【国立環境研究所】2005.11.08 発表
独立行政法人国立環境研究所の谷本浩志主任研究員が、気象研究所、農業環境技術研究所、九州大学、海洋開発研究機構と行った共同研究で、日本周辺の地表オゾンの季節変化に緯度によって違いがあること、アジア大陸から日本への越境大気汚染物質の長距離輸送メカニズムがその違いに影響を与えていることが明らかにされた。
この研究は、酸性雨モニタリングネットワーク(EANET)と全球大気監視プログラム (WMO/GAW) の観測データの中から日本とアジア大陸の間の7地点の98年から03年までのデータを統合し、オゾン濃度の季節変化とその緯度による違いを調べるとともに、国立環境研究所と九州大学が共同開発したコンピュータモデルを使って、アジア大陸から日本に流入してくるオゾン濃度が日本のオゾン濃度に与える影響を定量的に求めたもの。

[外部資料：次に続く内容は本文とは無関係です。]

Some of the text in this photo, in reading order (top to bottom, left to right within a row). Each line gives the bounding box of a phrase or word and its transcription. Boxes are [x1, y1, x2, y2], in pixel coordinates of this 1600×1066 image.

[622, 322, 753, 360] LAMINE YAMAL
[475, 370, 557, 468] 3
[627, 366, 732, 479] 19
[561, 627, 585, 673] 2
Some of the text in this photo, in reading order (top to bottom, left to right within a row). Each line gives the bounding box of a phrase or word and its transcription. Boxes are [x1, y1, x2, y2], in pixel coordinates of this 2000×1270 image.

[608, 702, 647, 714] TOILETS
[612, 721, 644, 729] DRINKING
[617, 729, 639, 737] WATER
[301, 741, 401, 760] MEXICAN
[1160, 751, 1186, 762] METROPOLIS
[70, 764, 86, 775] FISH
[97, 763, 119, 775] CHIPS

結果としては、オゾンの生成位置とその輸送の経路・効率の違いが、春季にオゾン濃度が年最大となる際に、緯度による濃度の時間的・空間的ずれをもたらしていることとともに、春季にアジア大陸から日本に運ばれてくるオゾン濃度がすでに、日本の環境基準である60ppb(注1)を超えていること、うち中国・韓国など東アジア諸国で排出される窒素酸化物を起源とするオゾン(注2)が5~20ppb分のオゾン増加をもたらしていることが示されている。
(注1)オゾンは光化学スモッグの指標とされている光化学オキシダント(OX)の主成分であり、光化学オキシダントの環境基準は1時間値0.06ppm(=60ppb)以下。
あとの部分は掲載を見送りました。